• Activity
Could you repeat the records below exactly, leaving the pictures out?
※
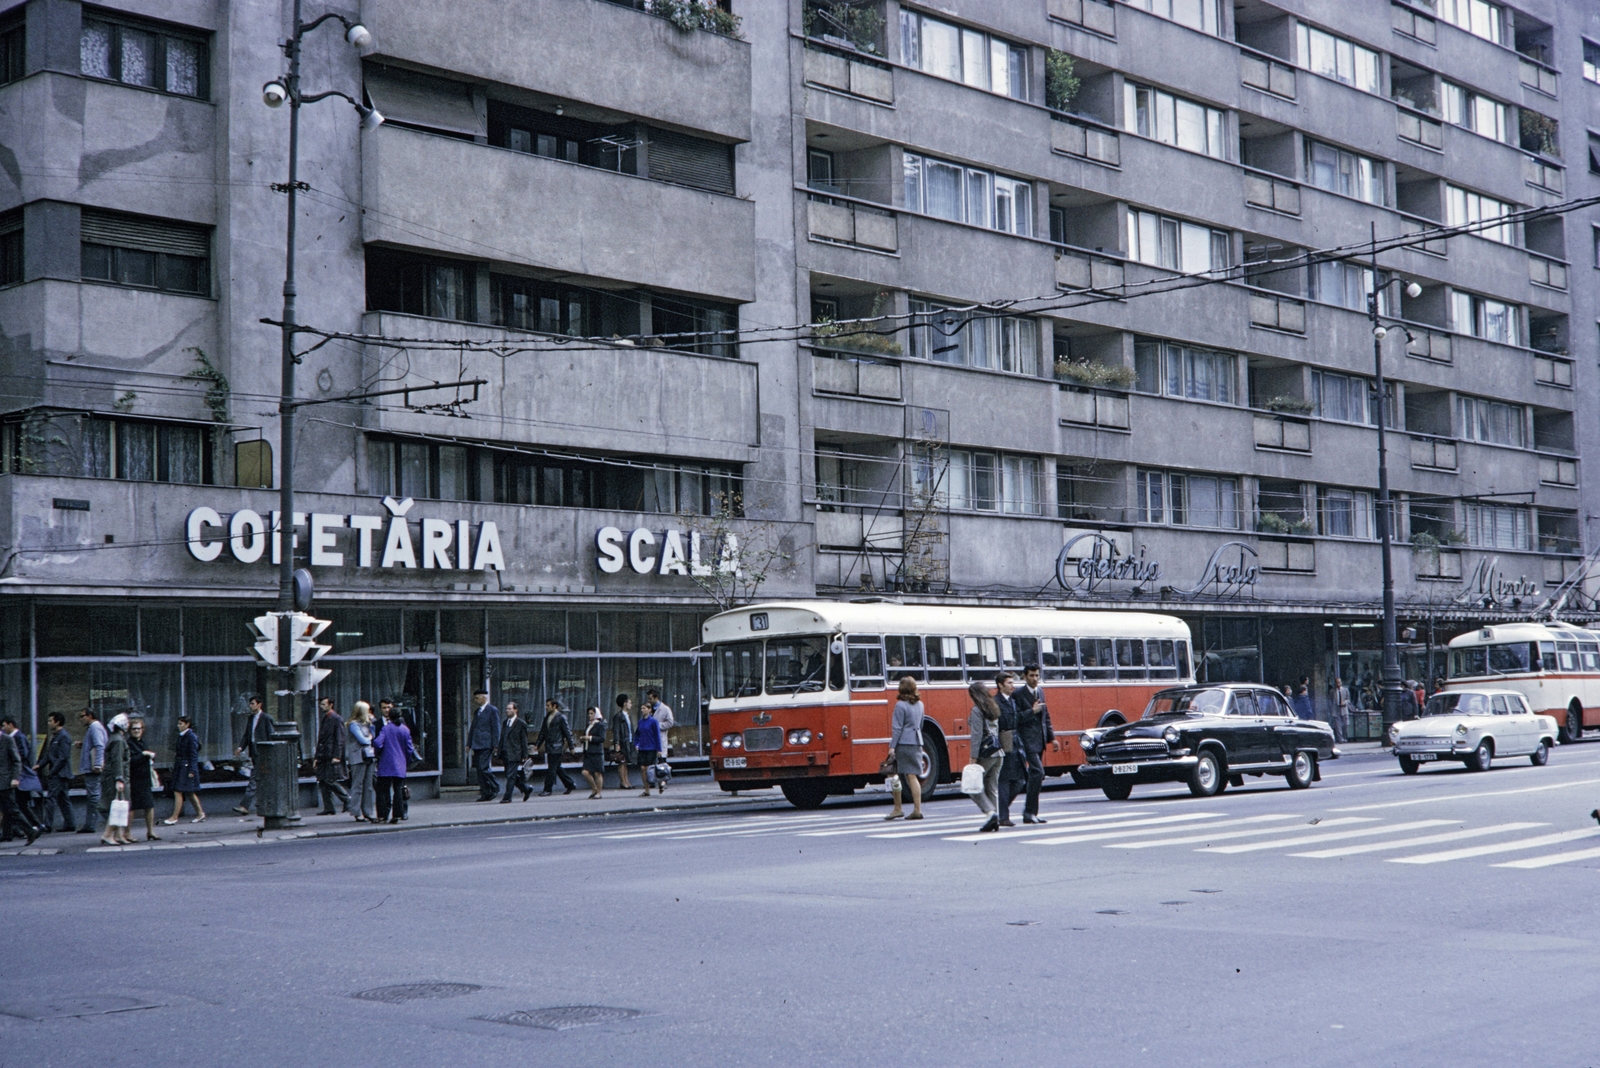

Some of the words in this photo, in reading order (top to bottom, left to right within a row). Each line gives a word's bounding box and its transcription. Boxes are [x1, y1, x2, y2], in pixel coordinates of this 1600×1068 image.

[187, 496, 506, 571] COFETĂRIA
[595, 526, 743, 577] SCALA
[1169, 541, 1260, 594] Scala
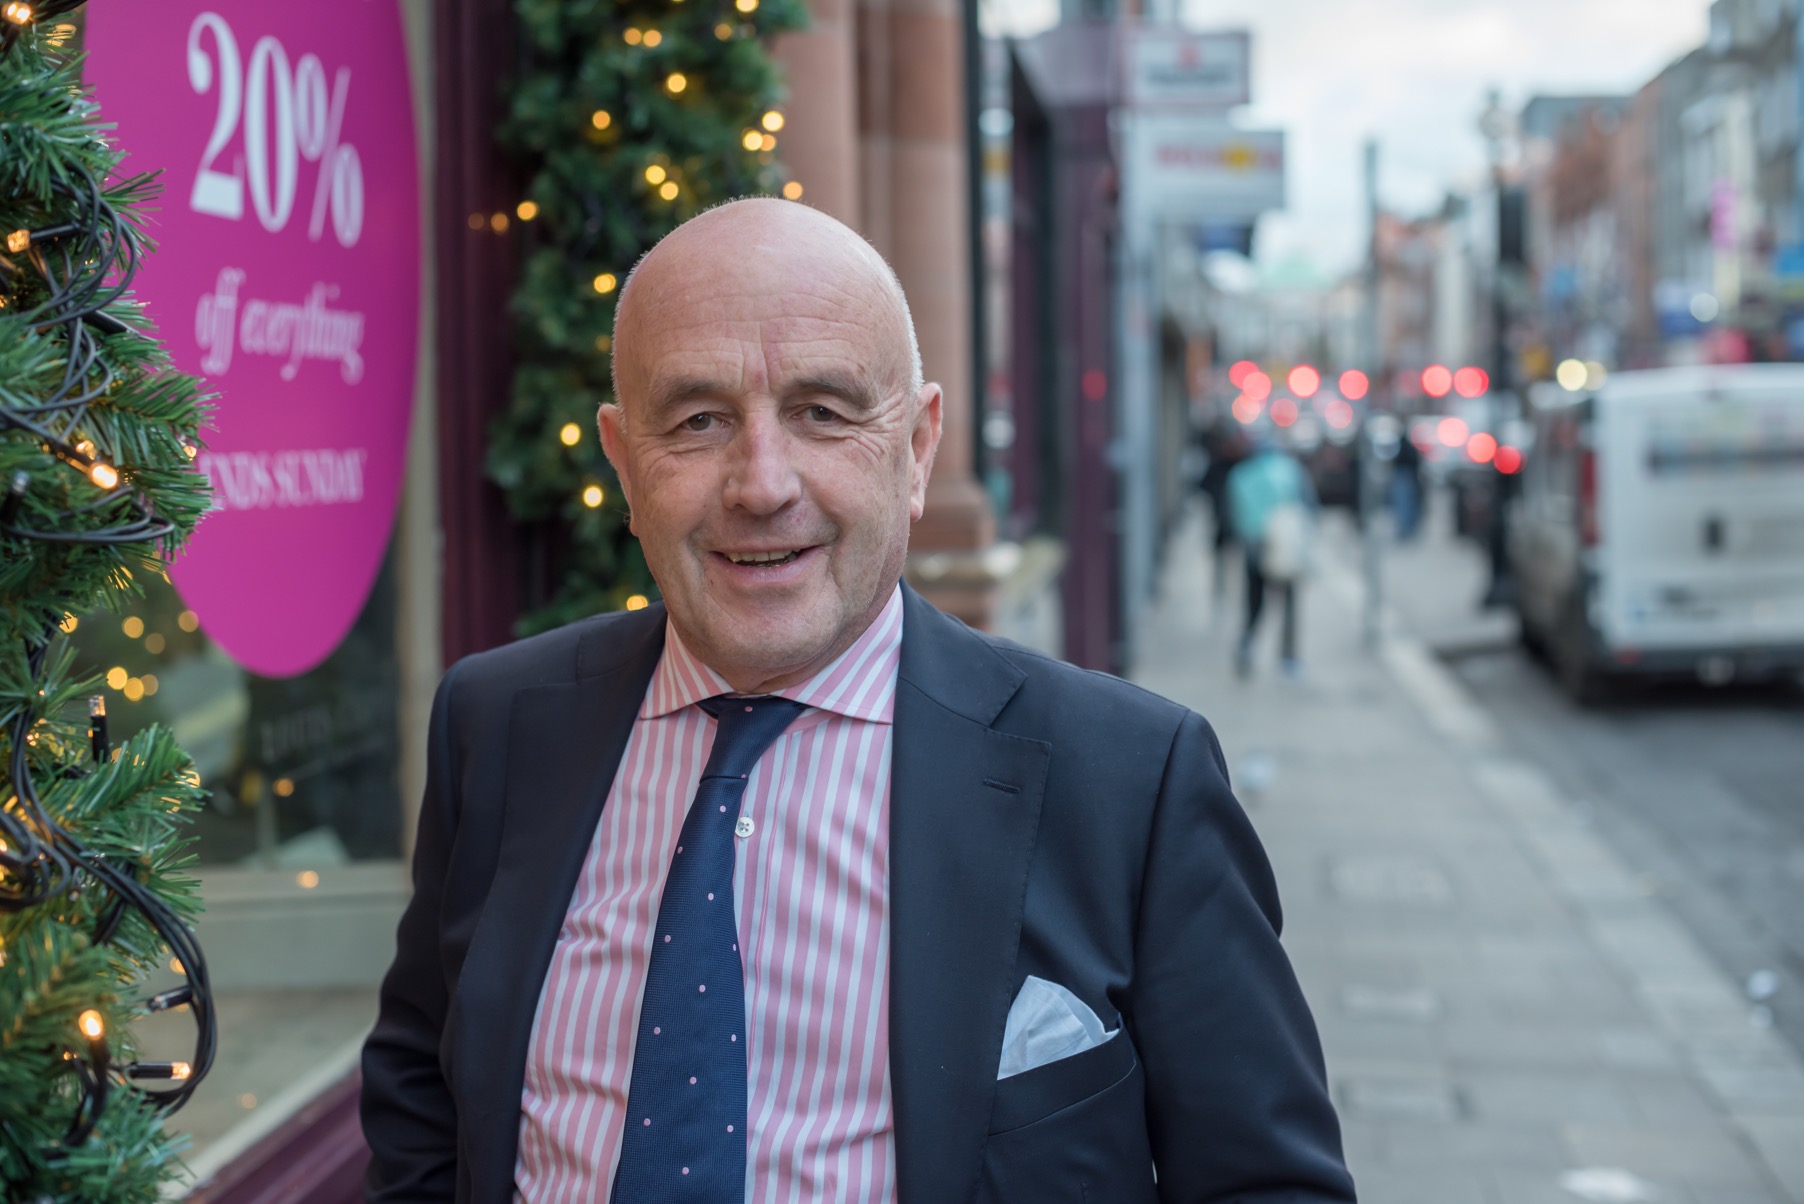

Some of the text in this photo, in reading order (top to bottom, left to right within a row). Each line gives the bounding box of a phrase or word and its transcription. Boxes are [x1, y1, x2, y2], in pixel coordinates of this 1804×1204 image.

[187, 11, 364, 248] 20%
[195, 266, 365, 385] off everything
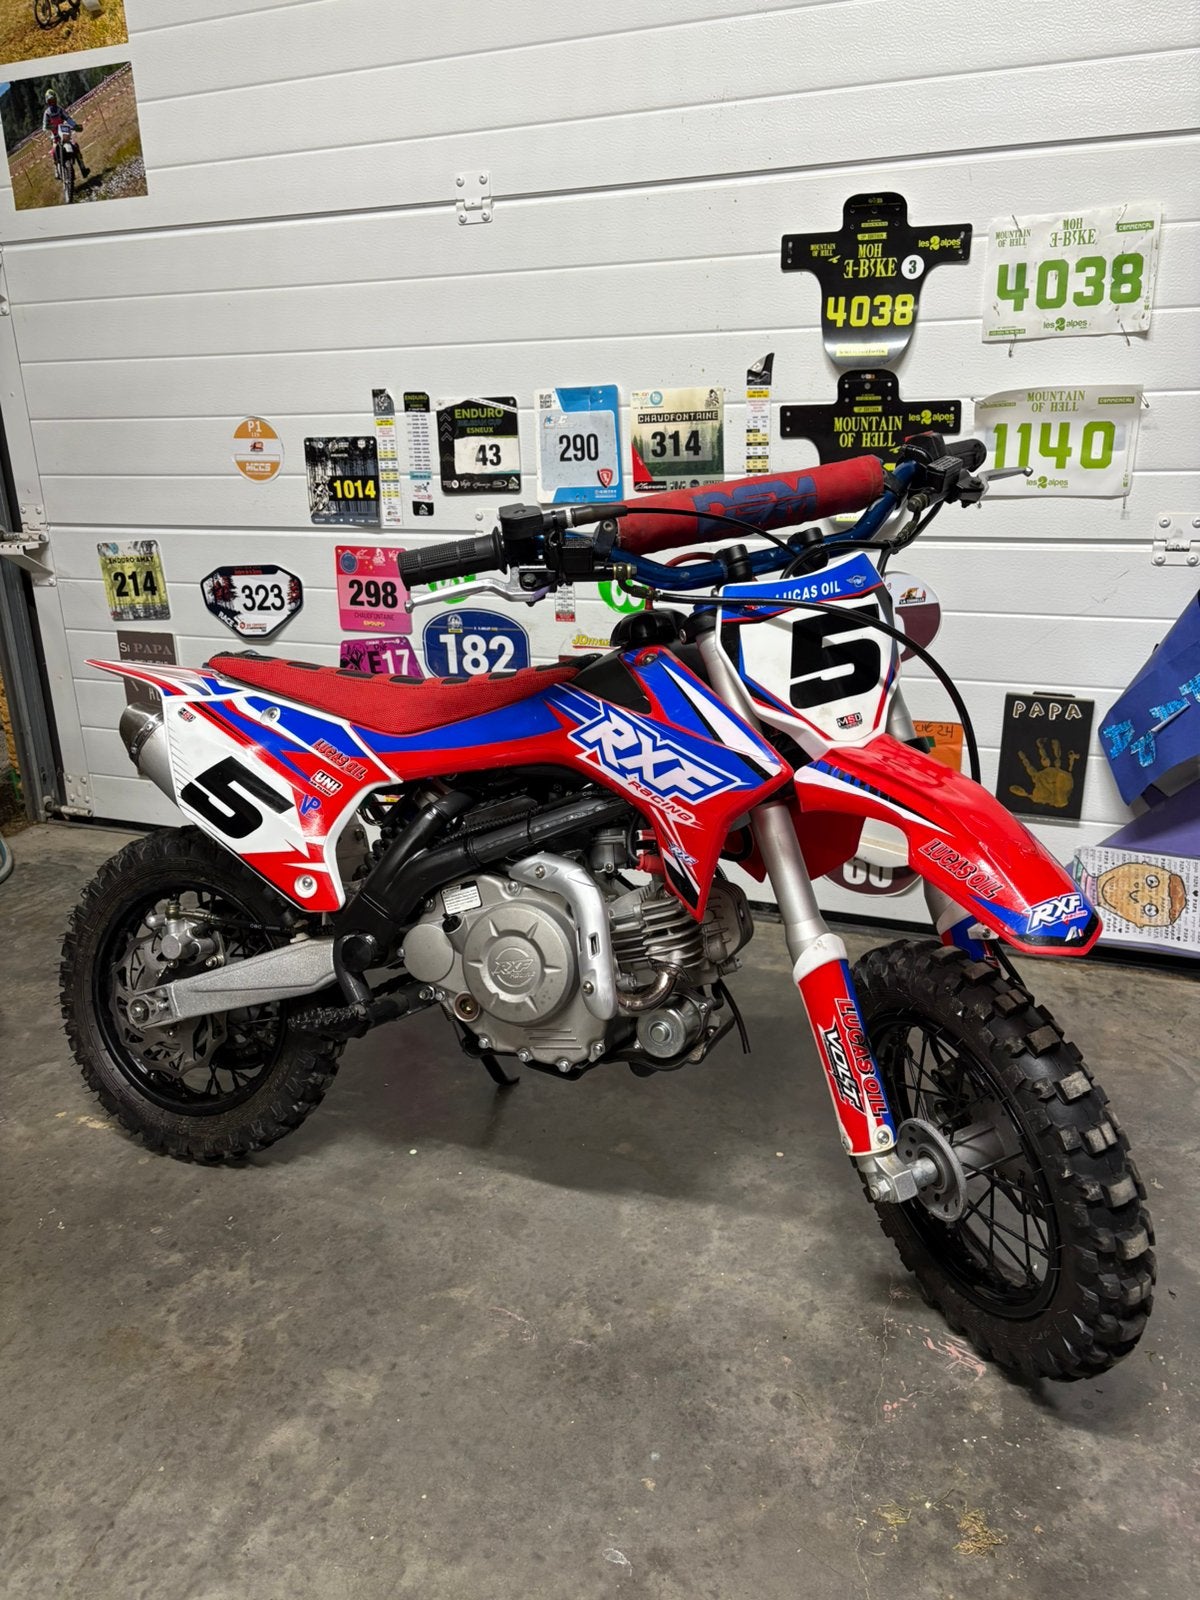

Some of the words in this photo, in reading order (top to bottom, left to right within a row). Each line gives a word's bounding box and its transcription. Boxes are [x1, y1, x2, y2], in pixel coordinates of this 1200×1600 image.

[996, 229, 1031, 241] MOUNTAIN
[1063, 217, 1083, 231] MOH
[858, 243, 883, 258] MOH
[998, 240, 1009, 249] OF
[908, 259, 918, 275] 3
[997, 252, 1144, 312] 4038
[826, 294, 915, 327] 4038
[1027, 391, 1086, 402] MOUNTAIN
[1032, 402, 1044, 413] OF
[454, 407, 505, 419] ENDURO
[834, 416, 903, 432] MOUNTAIN
[247, 420, 262, 432] P1
[559, 433, 599, 462] 290
[651, 430, 702, 457] 314
[839, 434, 856, 447] OF
[993, 421, 1115, 470] 1140
[475, 444, 502, 466] 43
[333, 480, 377, 499] 1014
[113, 570, 158, 597] 214
[348, 579, 399, 609] 298
[821, 580, 841, 594] OIL
[241, 584, 285, 612] 323
[133, 643, 173, 656] PAPA
[438, 634, 518, 676] 182
[790, 603, 881, 709] 5
[1012, 700, 1082, 721] PAPA
[312, 738, 349, 769] LUCAS
[344, 762, 368, 781] OIL
[577, 708, 726, 797] RXF
[314, 770, 342, 793] UNI
[180, 755, 295, 839] 5
[300, 795, 321, 816] VP
[628, 780, 694, 822] RACING
[917, 838, 975, 881] LUCAS
[966, 865, 1004, 901] OIL
[1025, 892, 1084, 933] RXF
[823, 1028, 866, 1114] VOLT
[835, 999, 874, 1076] LUCAS
[862, 1075, 888, 1118] OIL
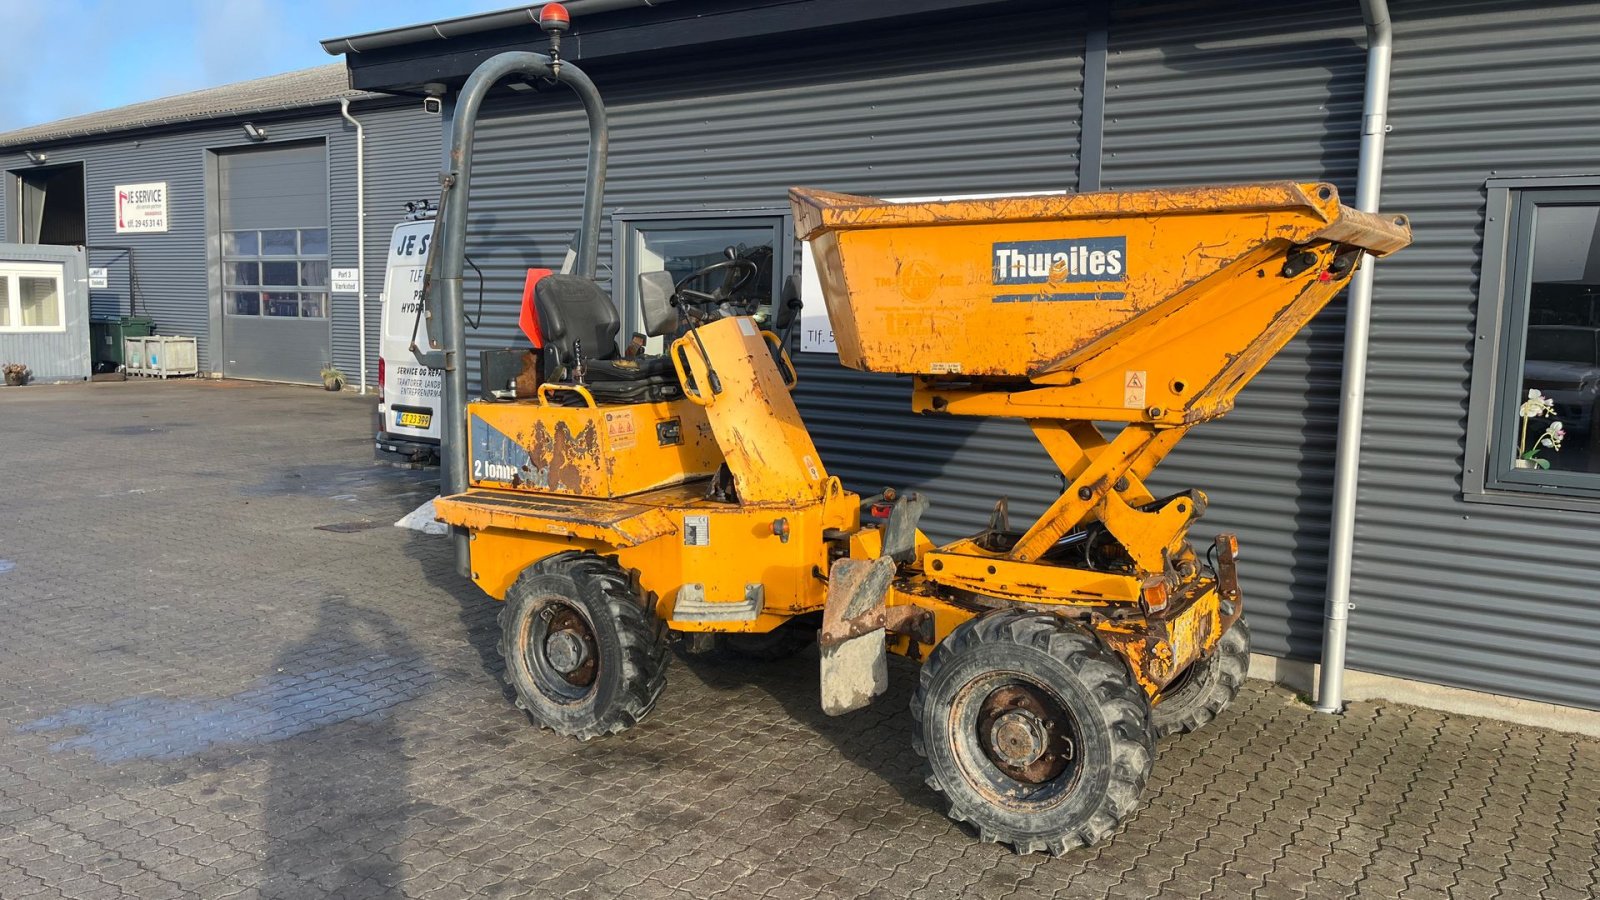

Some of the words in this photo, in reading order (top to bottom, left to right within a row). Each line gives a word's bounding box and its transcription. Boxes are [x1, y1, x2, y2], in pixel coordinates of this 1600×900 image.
※
• Task output
Some of the words in this photo, in reading order (top to bottom, left to right within a row). Each line gives a word's bounding box and its transcription. Boxes are [x1, y1, x2, y2], in pixel coordinates of this 1600×1068 image.

[187, 496, 506, 571] COFETĂRIA
[595, 526, 743, 577] SCALA
[1169, 541, 1260, 594] Scala

Some of the text in this photo, in reading order (top to bottom, left to right within a row). Each line gives the bounding box of a phrase or word and its transcription. Boxes are [x1, y1, x2, y2], in pixel coordinates of this 1804×1204 image.

[187, 11, 364, 248] 20%
[195, 266, 365, 385] off everything

Some of the words in this photo, in reading order (top to bottom, left to right within a row). Each line gives a word's bounding box and its transcription. Boxes are [x1, y1, x2, y2], in pixel coordinates of this 1200×1600 image.

[996, 229, 1031, 241] MOUNTAIN
[1063, 217, 1083, 231] MOH
[858, 243, 883, 258] MOH
[998, 240, 1009, 249] OF
[908, 259, 918, 275] 3
[997, 252, 1144, 312] 4038
[826, 294, 915, 327] 4038
[1027, 391, 1086, 402] MOUNTAIN
[1032, 402, 1044, 413] OF
[454, 407, 505, 419] ENDURO
[834, 416, 903, 432] MOUNTAIN
[247, 420, 262, 432] P1
[559, 433, 599, 462] 290
[651, 430, 702, 457] 314
[839, 434, 856, 447] OF
[993, 421, 1115, 470] 1140
[475, 444, 502, 466] 43
[333, 480, 377, 499] 1014
[113, 570, 158, 597] 214
[348, 579, 399, 609] 298
[821, 580, 841, 594] OIL
[241, 584, 285, 612] 323
[133, 643, 173, 656] PAPA
[438, 634, 518, 676] 182
[790, 603, 881, 709] 5
[1012, 700, 1082, 721] PAPA
[312, 738, 349, 769] LUCAS
[344, 762, 368, 781] OIL
[577, 708, 726, 797] RXF
[314, 770, 342, 793] UNI
[180, 755, 295, 839] 5
[300, 795, 321, 816] VP
[628, 780, 694, 822] RACING
[917, 838, 975, 881] LUCAS
[966, 865, 1004, 901] OIL
[1025, 892, 1084, 933] RXF
[823, 1028, 866, 1114] VOLT
[835, 999, 874, 1076] LUCAS
[862, 1075, 888, 1118] OIL

Some of the words in this photo, in reading order (top to bottom, left to right within a row). Each line gives a word's bounding box and its transcription. Boxes are [x1, y1, x2, y2], in pixel coordinates of this 1600×900 image.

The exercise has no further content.